Баран-для-стрижки-Теми, Наверху,
Кто карты-сдаёт, что можно, что нет...
О лох никогда не-поставит-всё, и-он никогда-не-играет ва-банк,
Он знает хоть-раз-не-вышло, то можешь все-гда проиграть-опять!
Прото-овца в игре, в любви…
Ночь за ночью будет о-о-о-дин!
Он проиграл Готфрида, проиграл Бианку, и ему только-только начинает доходить, так запоздало, что они же тот самый проигрыш, тому же самому кто в выигрыше. На этот момент он забыл в какой последовательности. Не знает кого из детей проиграл первым, или даже—осиные тучи памяти роятся—даже не два ли это имени, разные имена одного и того же ребёнка… но затем в обломках чужих отбросов, острых углов, и слишком раскрученных скоростей, ты ж понимаешь, он замечает, что не может долго держаться за эту мысль: скоро он снова барахтается на открытой воде. Но он будет помнить, что недолго удерживался за неё, видел её фактуру и цвет, чувствовал её своей щекой, когда очнулся от спячки в такой близи от неё—что эти двое детей, Готфрид и Бианка, одно и то же...

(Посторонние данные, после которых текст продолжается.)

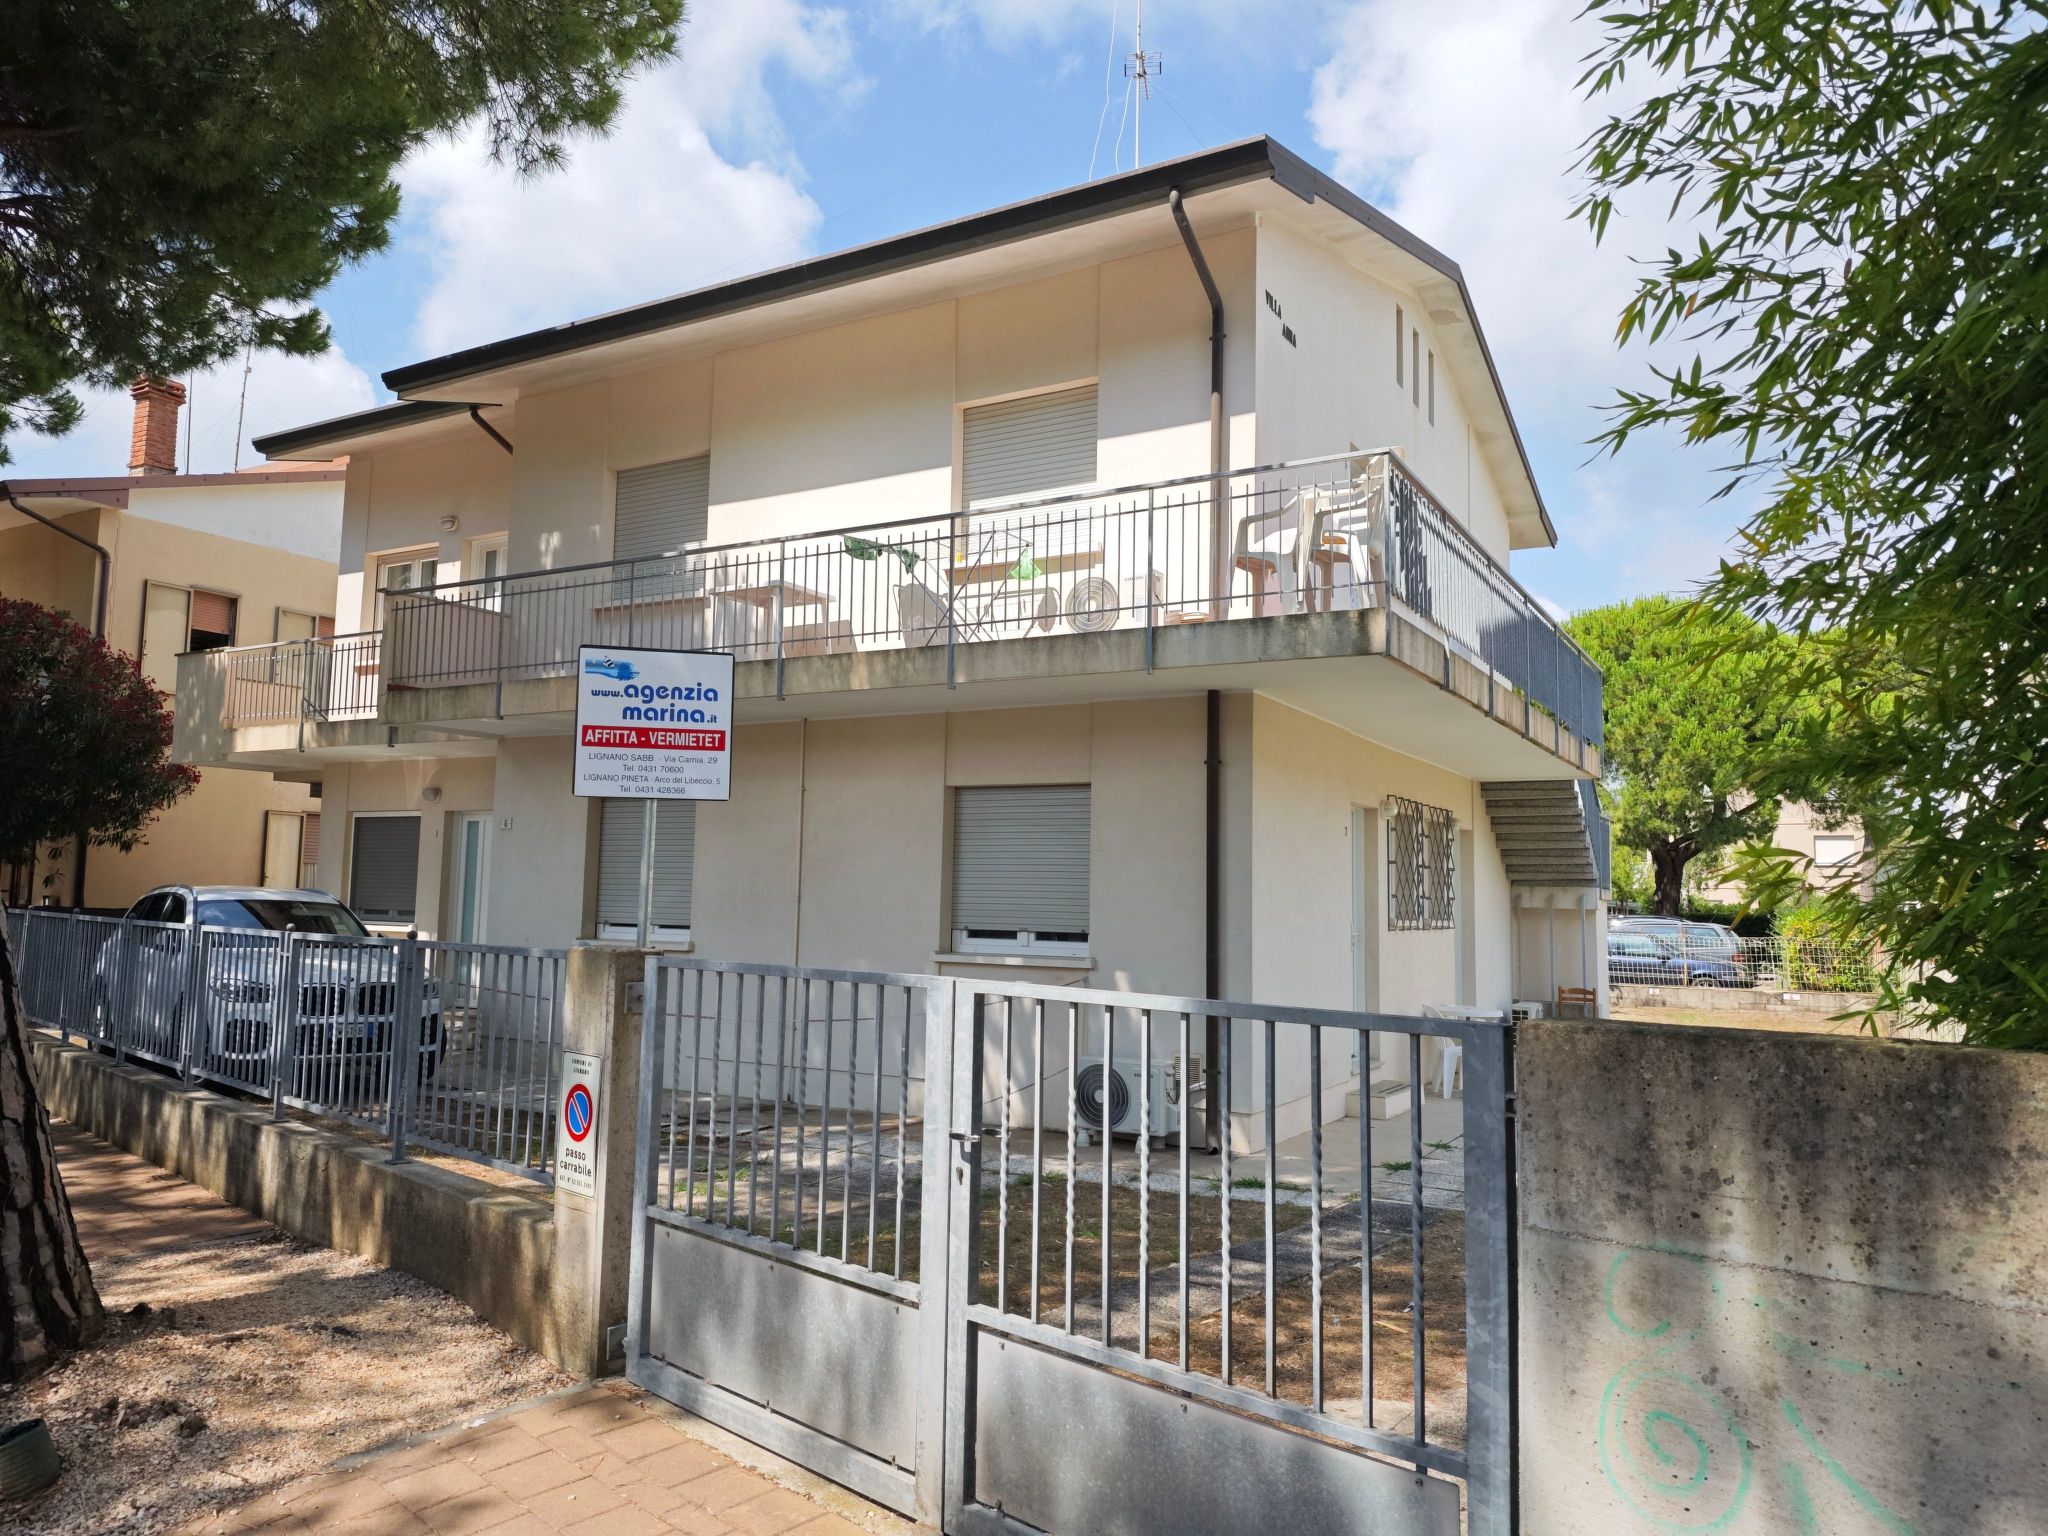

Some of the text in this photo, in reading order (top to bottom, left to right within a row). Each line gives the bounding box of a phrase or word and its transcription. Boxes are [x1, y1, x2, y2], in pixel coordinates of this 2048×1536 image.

[1264, 289, 1282, 320] VILLA
[591, 682, 719, 705] www.agenzia
[622, 703, 718, 724] marina.it
[585, 729, 638, 745] AFFITTA
[649, 731, 721, 748] VERMIETET
[588, 752, 629, 762] LIGNANO
[664, 755, 677, 763] Via
[707, 756, 718, 765] 29
[637, 764, 657, 773] 0431
[660, 765, 685, 774] 70600
[583, 773, 620, 782] LIGNANO
[621, 774, 649, 783] PINETA
[655, 775, 671, 784] Arco
[672, 776, 683, 785] del
[716, 777, 721, 786] 5
[635, 785, 654, 794] 0431
[656, 786, 687, 795] 428366
[565, 1147, 586, 1161] passo
[559, 1160, 592, 1178] carrabile

Он проигрался Блисеро, но это было уже как-то вне-реальным. После последнего пуска, пропущены ночные часы пути в Гамбург, перелёт из Гамбурга в Бидгошч на краденом Р-51 Мустанге, до того Прокаловски-средь-ясного-неба-из-машины, что Танацу стало представляться будто он избавился от Блисеро тоже, и тем же весьма условным, металлическим образом. И разумеется, метал уступил плоти, поту и долгой говорильне по ночам, когда Блисеро, скрестив ноги, заикался себе в пах, я п-п-п-п— «Пришёл», Блисеро? «Поставил»? «Прошу»? «Постараюсь»? Блисеро в ту ночь рассекретил все свои батареи, выложил все карты своих заграждений и лабиринтов.
Танац в самом деле задаётся вопросом: когда смертные лица тянутся мимо, уверенные, самодостаточные и никогда не видящие меня, они настоящие? Они одушевлённые, на самом деле? или просто приятная скульптура, залитые солнцем лица облаков?

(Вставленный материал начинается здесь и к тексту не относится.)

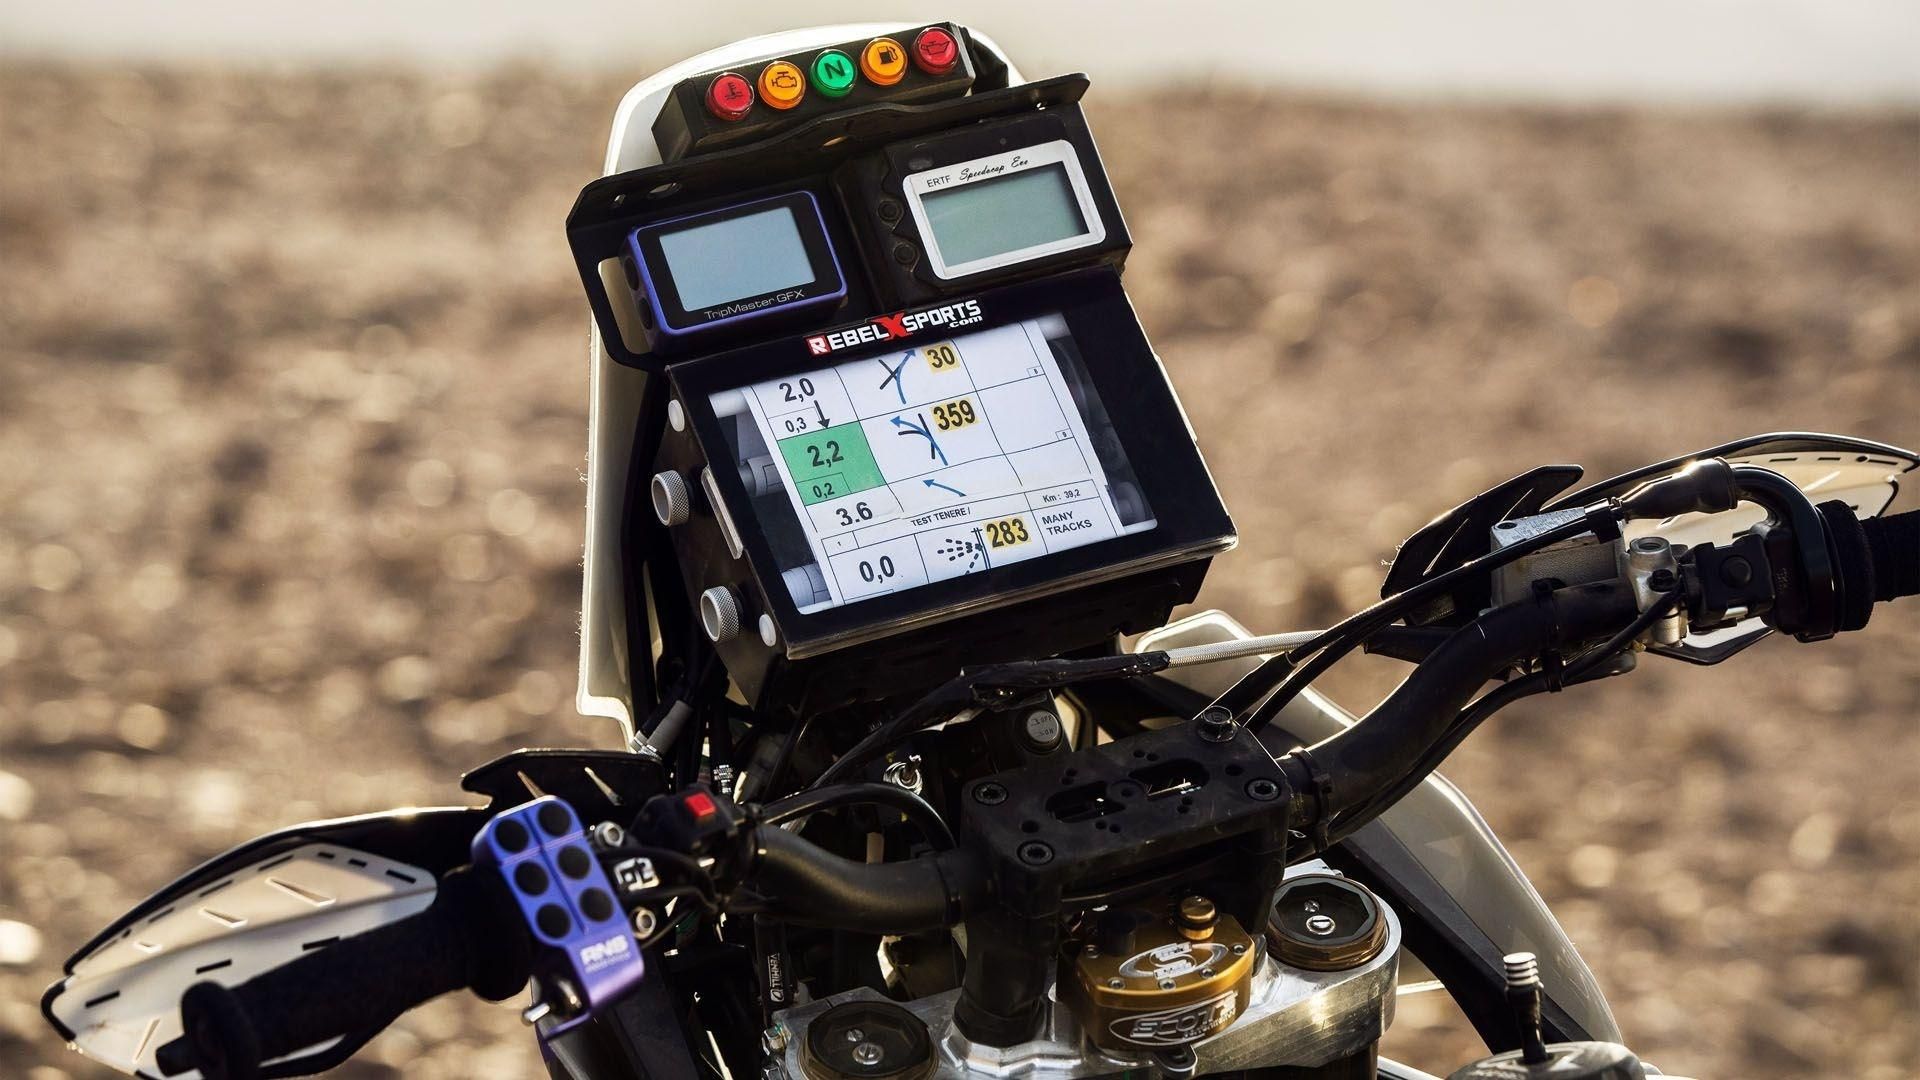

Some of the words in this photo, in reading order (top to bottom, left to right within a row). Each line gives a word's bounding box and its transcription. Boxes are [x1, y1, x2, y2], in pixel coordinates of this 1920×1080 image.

[824, 60, 845, 79] N
[926, 174, 951, 188] ERTF
[704, 297, 775, 321] TripMaster
[776, 289, 805, 304] GFX
[808, 299, 982, 355] REBELXSPORTS
[927, 346, 955, 369] 30
[779, 377, 815, 402] 2,0
[785, 416, 807, 434] 0,3
[933, 399, 976, 431] 359
[807, 440, 844, 468] 2,2
[813, 482, 835, 499] 0,2
[1063, 488, 1081, 499] 39,2
[836, 501, 873, 526] 3.6
[910, 515, 932, 527] TEST
[933, 507, 967, 521] TENERE
[1041, 510, 1073, 525] MANY
[986, 518, 1030, 549] 283
[1046, 519, 1092, 535] TRACKS
[859, 555, 895, 584] 0,0
[770, 953, 782, 988] VENHILL

И: «Да как мне любить их?»
Но ответа нет от Блисеро. Его глаза продолжают рассыпать руны с силуэтами ветряных мельниц. Несколько подброшенных сцен промелькивают сейчас у Танаца. От Прапорщика Моритури: пол под листьями банана где-то возле Мабалакат на Филлипинах, конец 44-го, младенец выкручивается, катается, сучит ногами по каплям солнечного света, поднимая пыль с усыхающих листьев, а соединения для спец-атак с рёвом проносятся над головой, Зиро уносят товарищей прочь, наконец, как опадающий вишнёвый цвет—этот излюбленный образ Камикадзе—по весне… От Греты Эрдман: мир под поверхностью Земли или грязи—он расползается как грязь, но плачет как Земля, с запрессованными в слоя поколениями притяжений и потерями в них—потерями, провалами, последними мигами, а следом пустоты от судорог вернуться, серии герметичных пещер захваченных удушенными слоями, теми утраченными навсегда… от кого-то, от кто знает кого? Промельк Бианки в тонком ситцевом платье, одна рука отведена назад, гладко пудренная впадинка подмышки и выпрыгнувший лук одной маленькой грудки, её опущенное лицо, всего только лоб и скула в тени, повёрнуты так, теперь её ресницы, которые ты молил подняться… увидит ли тебя? приостановлено навечно на краю сомнения, этого нескончаемого сомнения в её любви—
Они помогут ему разобраться. Erdschweinhöhlers будут сидеть всю ночь на этом безостановочном инфо-брифинге. Он ангел, на которого они надеялись и очень логично, что он явился именно сейчас, в день когда вся их Ракета собрана, их единственная А4 собиравшаяся всё лето кусок за кусочком по всей Зоне от Польши до Нижних Земель. Веришь ты в это или нет, Пустой или Зелёный, опизденелый или хранящий политический целибат, у тебя есть чувство—подозрение, подспудное желание, какая-то скрытая десятина от твоей души, что-то—к Ракете. Это то самое «что-то», которое сейчас проясняет Ангел Танац, каждому по-своему, для всех слушающих.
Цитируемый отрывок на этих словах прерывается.